Va sottolineato che Kurita non lavorava da solo. Jōjin Kamen è un manga con storia originale sua, ma con i disegni realizzati da Eri Tsuruyoshi, un' artista che — stando alla propria dichiarazione pubblica — era completamente all'oscuro del passato dell'autore con cui collaborava. Eri si è scusata pubblicamente con le vittime e ha dichiarato: "La libertà del manga esiste proprio perché la finzione è separata dalla realtà. Per questo credo fermamente che nella realtà non debbano accadere azioni che danneggiano le persone"

 

 

Anche diversi altri mangaka che serializzano su Manga ONE hanno chiesto la sospensione temporanea delle proprie opere sulla piattaforma, in attesa di chiarimenti.

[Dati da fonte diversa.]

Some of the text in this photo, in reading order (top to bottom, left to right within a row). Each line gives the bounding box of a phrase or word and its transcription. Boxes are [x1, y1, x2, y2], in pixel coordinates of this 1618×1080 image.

Le scuse di Shogakukan e le domande senza risposta

La redazione di Manga ONE ha dichiarato di "assumersi piena responsabilità"per aver ingaggiato nuovamente Kurita e ha presentato le proprie scuse "in primo luogo alla persona che ha subito i danni". Ha anche ammesso che "la redazione non era pienamente consapevole della gravità del caso e quindi non era in grado di rispondere in modo appropriato".

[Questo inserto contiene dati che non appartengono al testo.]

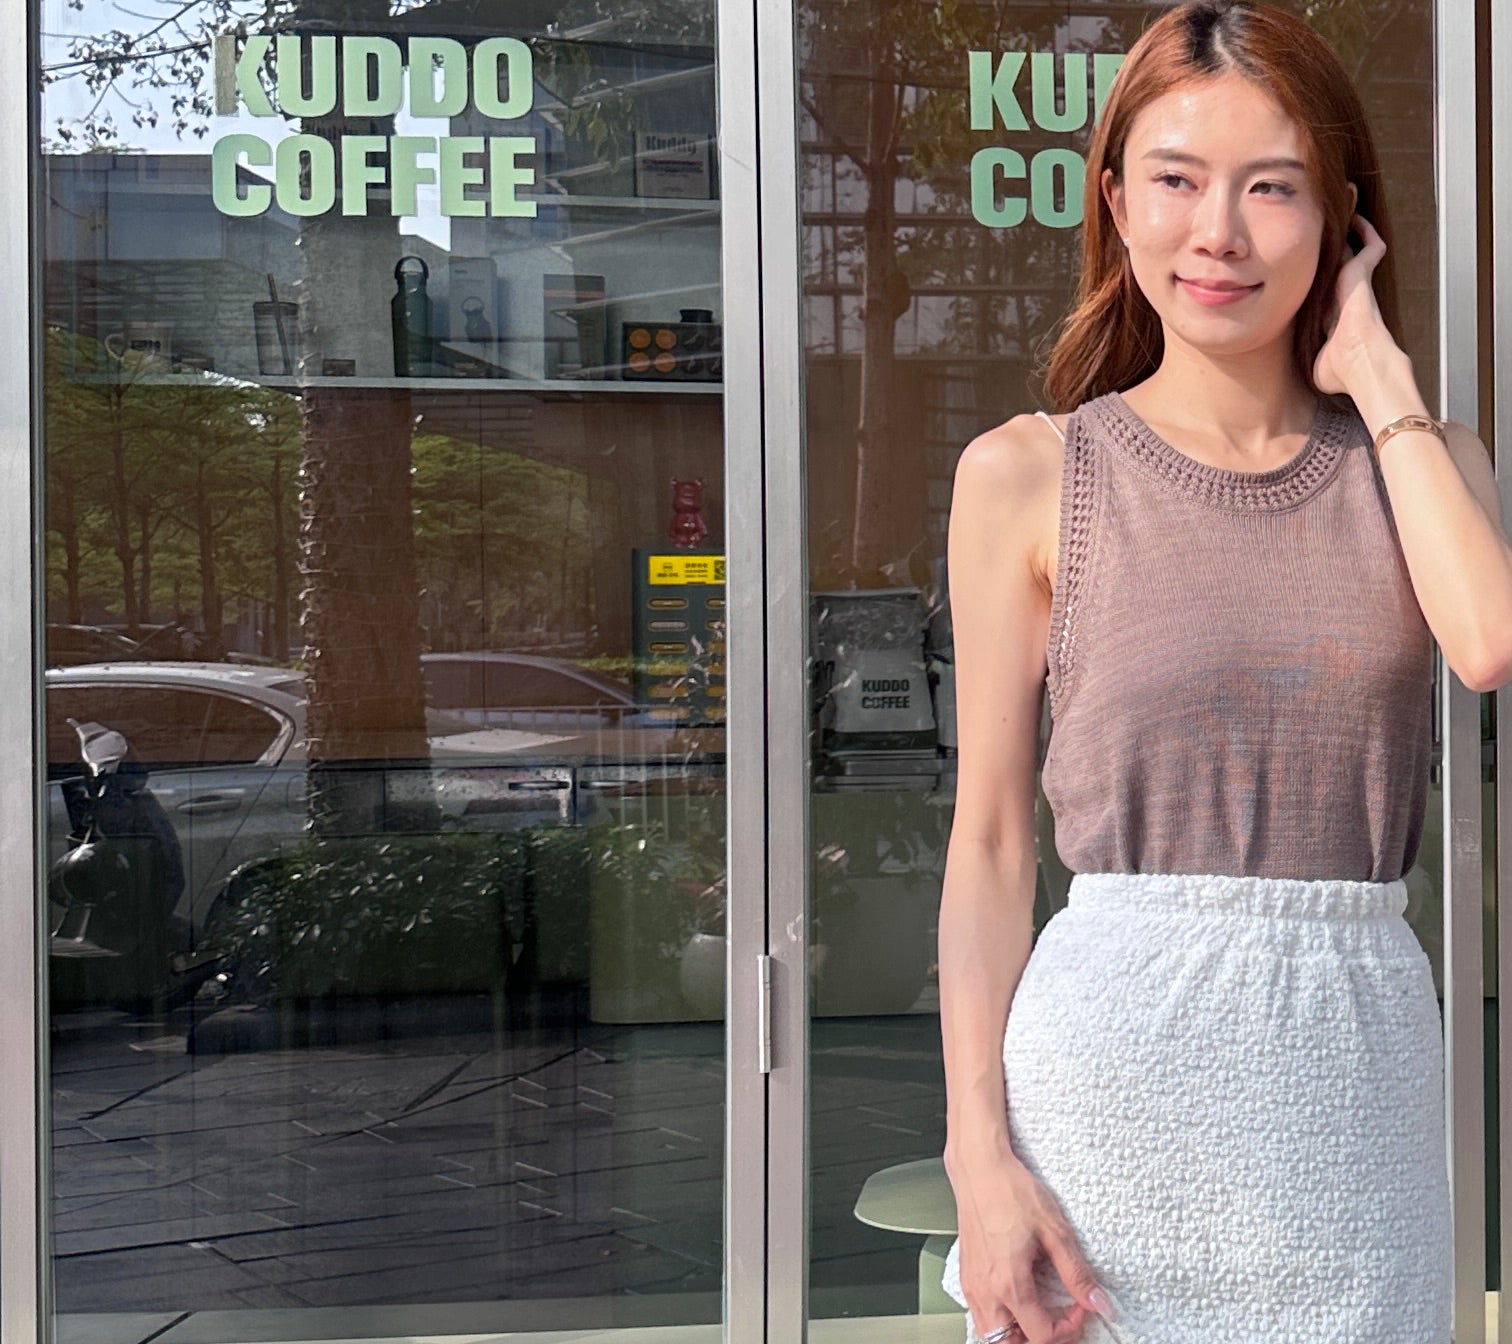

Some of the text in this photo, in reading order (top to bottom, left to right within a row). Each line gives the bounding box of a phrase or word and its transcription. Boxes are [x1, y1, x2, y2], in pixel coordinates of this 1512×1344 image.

[214, 36, 534, 118] KUDDO
[212, 134, 538, 218] COFFEE
[861, 679, 910, 693] KUDDO
[861, 696, 911, 709] COFFEE

Tuttavia molti — tra fan, addetti ai lavori e giornalisti — considerano queste scuse insufficienti rispetto alla gravità dei fatti. Restano aperte domande fondamentali: chi sapeva cosa, e da quando? L'ex direttore editoriale Yuki Wada — che avrebbe avuto accesso al nome reale e all'indirizzo di Kurita e avrebbe potuto collegare i due pen name — non ha ancora fornito dichiarazioni pubbliche. Il nuovo direttore editoriale Hironori Hoshino, nominato di recente, non era presente in redazione durante i fatti.

Nel frattempo, il canale YouTube ufficiale di Manga ONE è stato reso privato nella sua totalità.

Una riflessione finale

La vicenda solleva interrogativi che vanno ben oltre Shogakukan. Il critico Naoya Fujita ha commentato che atti di tale gravità — quasi assimilabili alla tortura — siano stati sanzionati con un risarcimento civile relativamente modesto dimostra come il Giappone continui ad avere un approccio troppo permissivo nei confronti dei crimini sessuali. Il sociologo Hodaka Tsukada ha evidenziato come il fatto che una major dell'editoria abbia attivamente reintegrato un simile individuo su una piattaforma di massa renda la vicenda ancora più sistemica e preoccupante.

Per chi segue il manga non solo come intrattenimento ma come industria e cultura, questa storia è un promemoria brutale di quanto le strutture editoriali possano — per negligenza o per scelta — diventare complici di chi causa danni reali a persone reali.